The trial court permitted defendant to litigate the Fourth Amendment issue at his section 991 hearing. After reviewing documents submitted with the People's opposition, it found defendant was detained by a police officer and that his detention was not supported by reasonable suspicion. Thereafter, upon defense motion, the trial court dismissed the complaint. The People have appealed.
As we will explain, litigation concerning the constitutionality of a defendant's detention is not supported by either the plain meaning of section 991 or its purpose. We are mindful that, over 30 years ago, this appellate division resolved the issue differently in People v. Ward (1986) 188 Cal.App.3d Supp. 11 (Ward). The time has come to overrule Ward because section 991 was not properly interpreted therein.2 We reverse the trial court's order dismissing the complaint.
A misdemeanor complaint charged defendant and respondent Eliseo Barajas with carrying a dirk or dagger (§ 21310). At his arraignment, defendant pled not guilty and made a motion to dismiss the charge pursuant to section 991. In so doing, defendant argued he was entitled to a dismissal of the complaint because he was illegally detained by the police. The People took the position that a motion under section 991 does not consider whether there was reasonable suspicion to detain a defendant, but rather is limited to “whether there is probable cause to believe that a public offense has been committed and that the defendant is guilty thereof.” The trial court disagreed with the People, but found good cause for a continuance to allow the People to file a supplemental police report regarding the detention. The People then filed an opposition to the section 991 motion. Attached to the opposition was a copy of the police report, a supplemental report from the arresting officer (Downey Police Officer A. Honrath), and a transcript of the officer's encounter with defendant as recorded on a police body camera.

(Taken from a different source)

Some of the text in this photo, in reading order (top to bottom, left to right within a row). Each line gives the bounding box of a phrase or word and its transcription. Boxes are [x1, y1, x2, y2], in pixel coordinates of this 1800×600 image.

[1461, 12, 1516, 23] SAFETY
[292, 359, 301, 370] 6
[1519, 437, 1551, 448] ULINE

The material facts (to the extent they were developed in the trial court) are not in dispute. They are lifted from Honrath's supplemental police report as well as the transcript of the conversation taken from his body camera. Honrath was on patrol around 2:25 a.m. on September 20, 2017, when he saw defendant standing near a closed business. He stopped his vehicle and shined his “white light” on defendant. Honrath illuminated defendant with the light for reasons that relate to officer safety-Honrath was alone, and the darkness of early morning prevented him from clearly seeing what defendant was doing. The police vehicle was approximately 15 to 20 feet away and did not impede defendant's “movements.” Honrath exited his vehicle and, while standing next to it, asked defendant where he was “from.” Defendant said he lived in Bell Gardens. In response to the officer's inquiry about defendant's reason for being in Downey, defendant said his uncle lived in Downey. Defendant then began to drink from a large soda. Honrath “slowly and casually” approached to within six to eight feet of defendant. Defendant did not move or turn away. Rather, he was relaxed and cooperative.

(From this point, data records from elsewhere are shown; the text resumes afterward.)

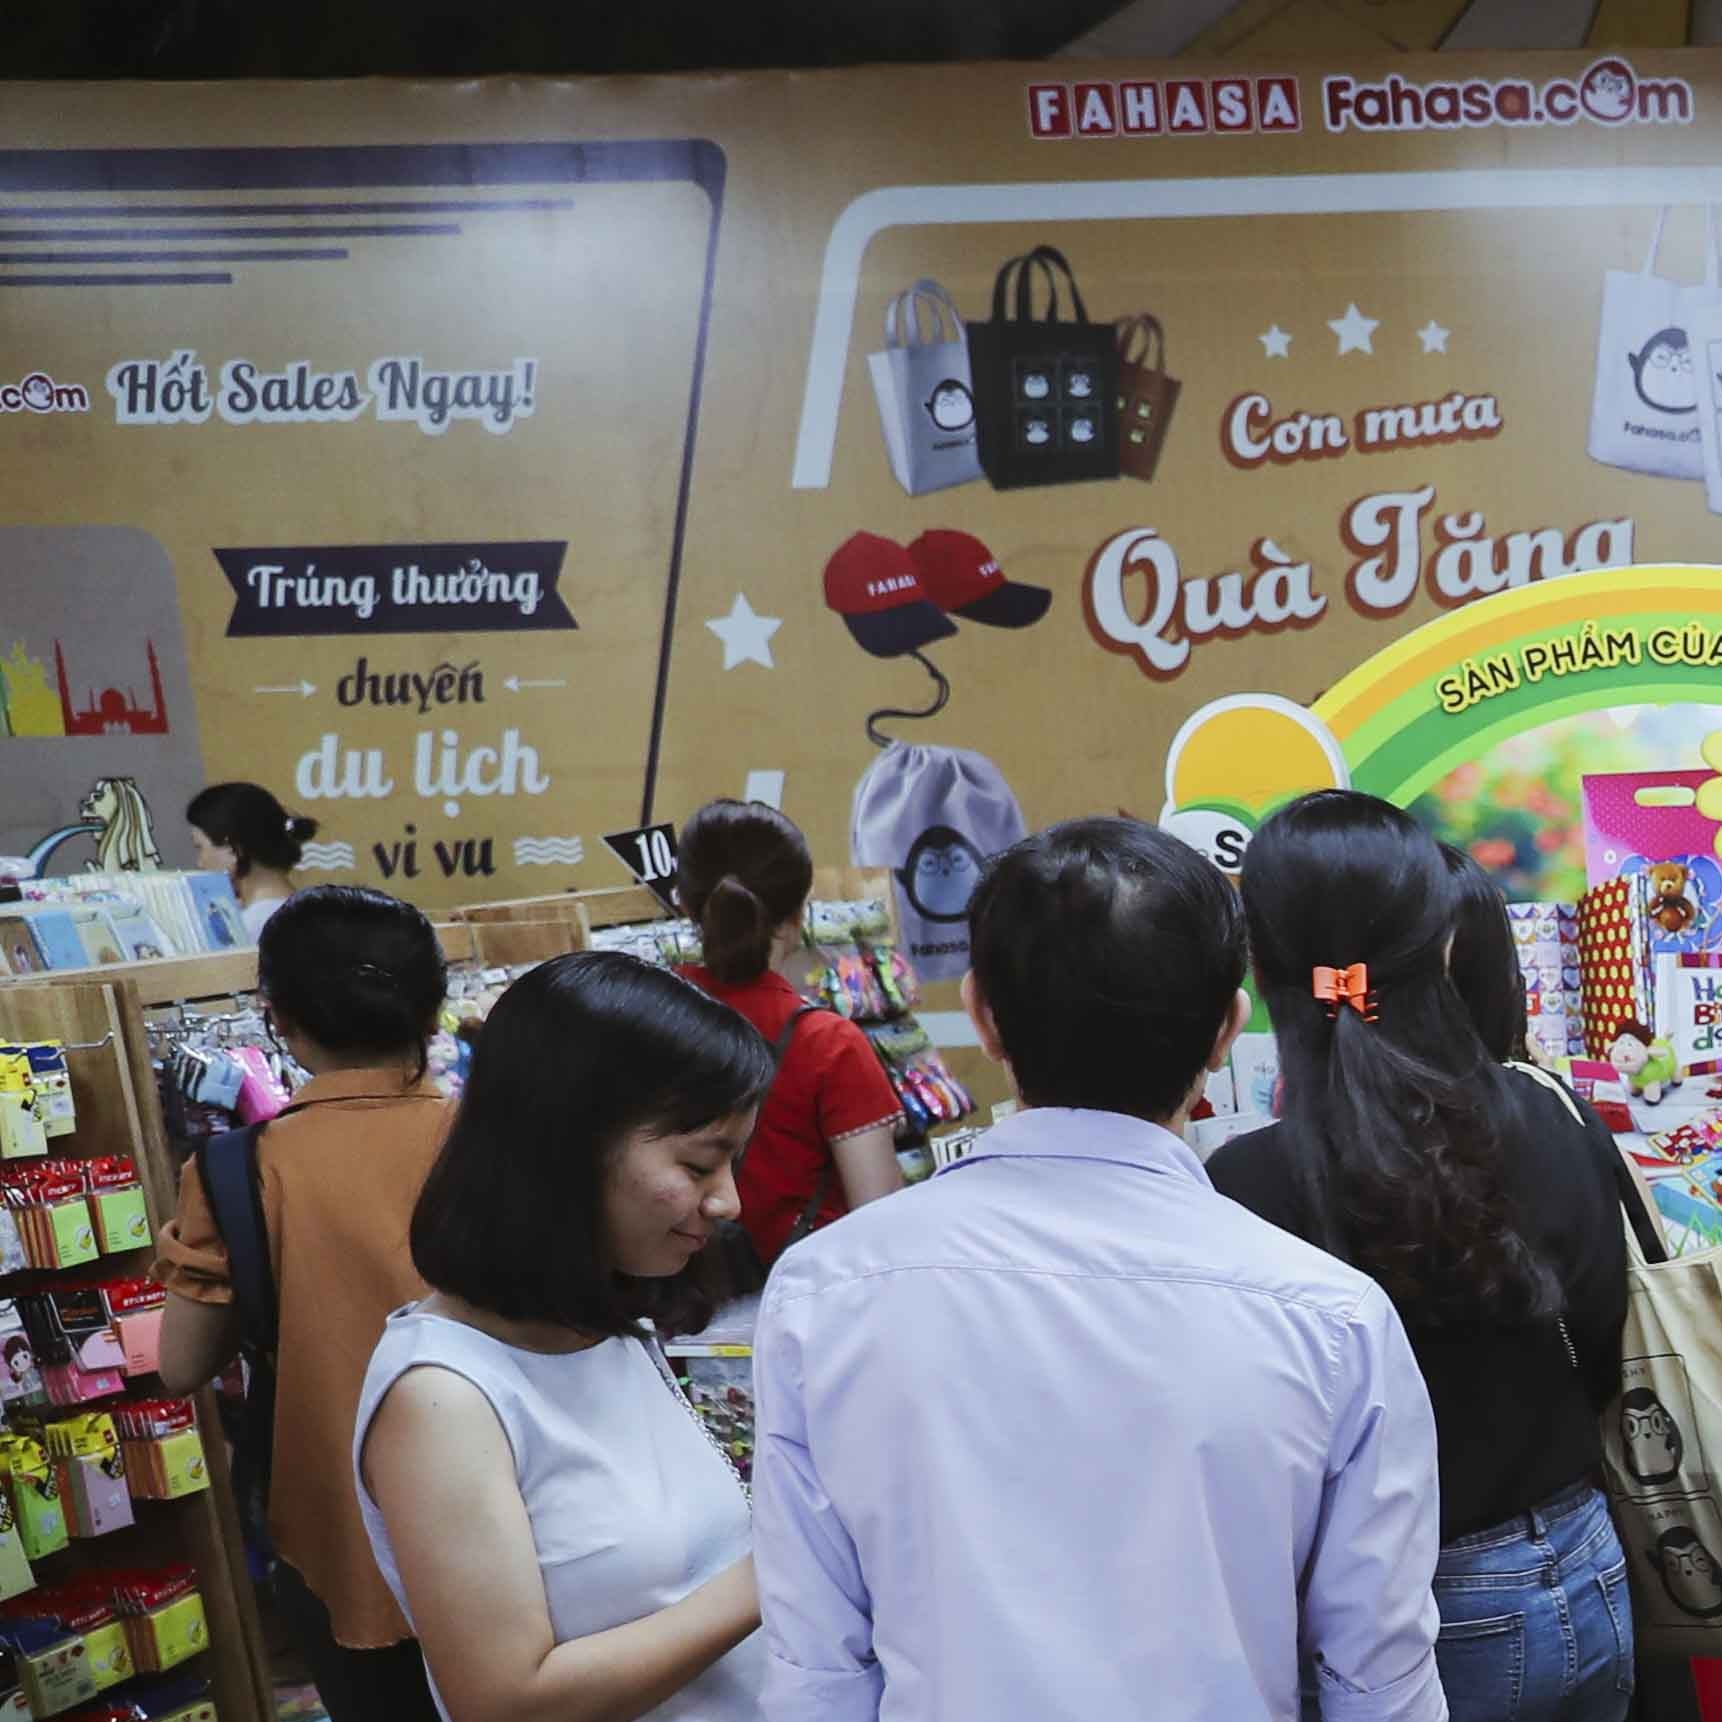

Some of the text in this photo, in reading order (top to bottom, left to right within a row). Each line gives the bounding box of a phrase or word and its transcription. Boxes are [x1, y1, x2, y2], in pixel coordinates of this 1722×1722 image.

[1029, 77, 1299, 136] FAHASA
[116, 352, 210, 420] Hốt
[226, 360, 364, 415] Sales
[378, 358, 537, 430] Ngay!
[1230, 391, 1502, 460] Cơn mưa
[246, 556, 544, 618] Trúng thưởng
[1090, 526, 1326, 673] Quà
[336, 656, 486, 713] chuyến
[1437, 657, 1521, 714] SẢN
[1526, 622, 1641, 688] PHẨM
[296, 728, 550, 818] du lịch
[374, 824, 497, 879] vi vu

Honrath asked defendant if he was on probation or parole. Defendant said he was on probation and began to reach inside his sweatshirt pocket. The officer told defendant to keep his hands out of the pocket. Defendant first said, “I just have my blade, ” and then explained, “I have my blade open.” Honrath replied, “Your blade?” Defendant responded, “Yes.” The officer directed defendant to sit down, kick his legs out in front of him, cross his ankles, and keep his hands where Honrath could see them. As the two continued to converse, defendant disclosed that his knife was black and four inches long, and that he carried it for protection. After an additional officer arrived, Honrath asked defendant to remove the knife from his pocket and place it on a step several feet away. Defendant complied with the request. Honrath retrieved the knife, arrested defendant for violating section 21310, and transported him to jail. The knife was booked into evidence.

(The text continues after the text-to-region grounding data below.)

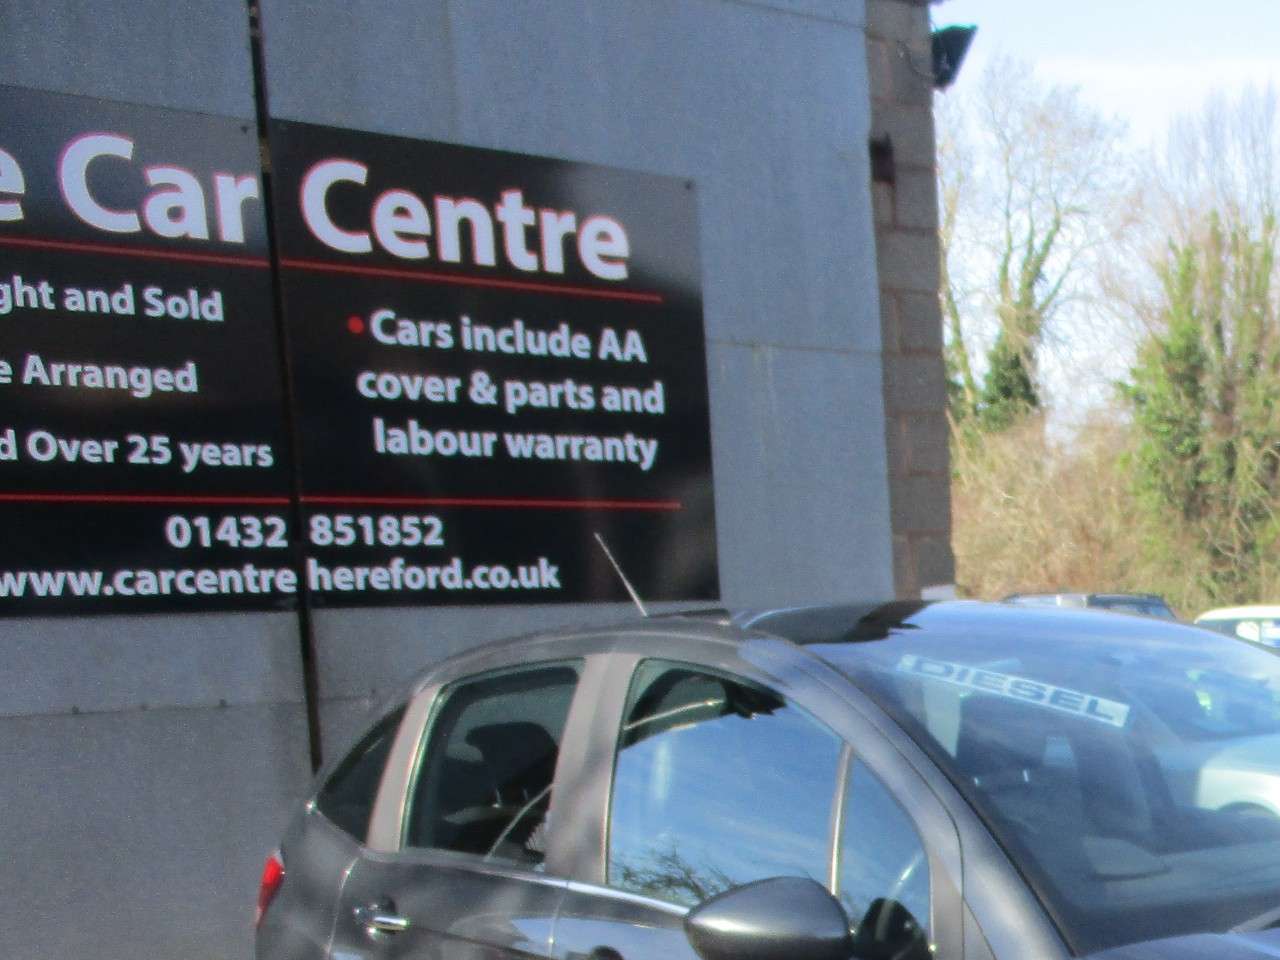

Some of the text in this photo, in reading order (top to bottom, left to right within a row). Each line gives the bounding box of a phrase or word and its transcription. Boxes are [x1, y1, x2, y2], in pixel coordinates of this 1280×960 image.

[58, 132, 259, 244] Car
[301, 158, 630, 281] Centre
[63, 284, 136, 316] and
[142, 285, 225, 322] Sold
[370, 309, 649, 363] Cars include AA
[22, 354, 199, 399] Arranged
[356, 369, 666, 415] cover & parts and
[26, 430, 119, 463] Over
[125, 434, 173, 465] 25
[180, 442, 275, 474] years
[372, 416, 659, 472] labour warranty
[165, 514, 445, 549] 01432 851852
[913, 657, 1115, 721] DIESEL

The trial court ruled Honrath's initial encounter with defendant was not consensual, 3 and that defendant was unconstitutionally detained prior to admitting he possessed a knife. The trial court then granted the defense motion to dismiss, but did not provide any reason for doing so. Presumably, the trial court concluded all evidence seized following the detention could not be considered in determining whether there was probable cause to believe defendant committed an offense.
The Plain Meaning of Section 991
On appeal, questions of law and statutory interpretation are reviewed de novo. (People v. Kurtenbach (2012) 204 Cal.App.4th 1264, 1276.) “‘Under settled canons of statutory construction, in construing a statute we ascertain the Legislature's intent in order to effectuate the law's purpose. [Citation.] We must look to the statute's words and give them their usual and ordinary meaning. [Citation.] The statute's plain meaning controls the court's interpretation unless its words are ambiguous.' [Citation.]” (People v. Gonzalez (2008) 43 Cal.4th 1118, 1125-1126.) “‘“If the words of the statute are clear, the court should not add to or alter them to accomplish a purpose that does not appear on the face of the statute or from its legislative history.” [Citations.]' [Citation.] Put another way, the ascertainment of legislative intent must ‘begin with the language of the statute itself. [Citation.] That is, we look first to the words the Legislature used, giving them their usual and ordinary meaning. [Citation.] “If there is no ambiguity in the language of the statute, ‘then the Legislature is...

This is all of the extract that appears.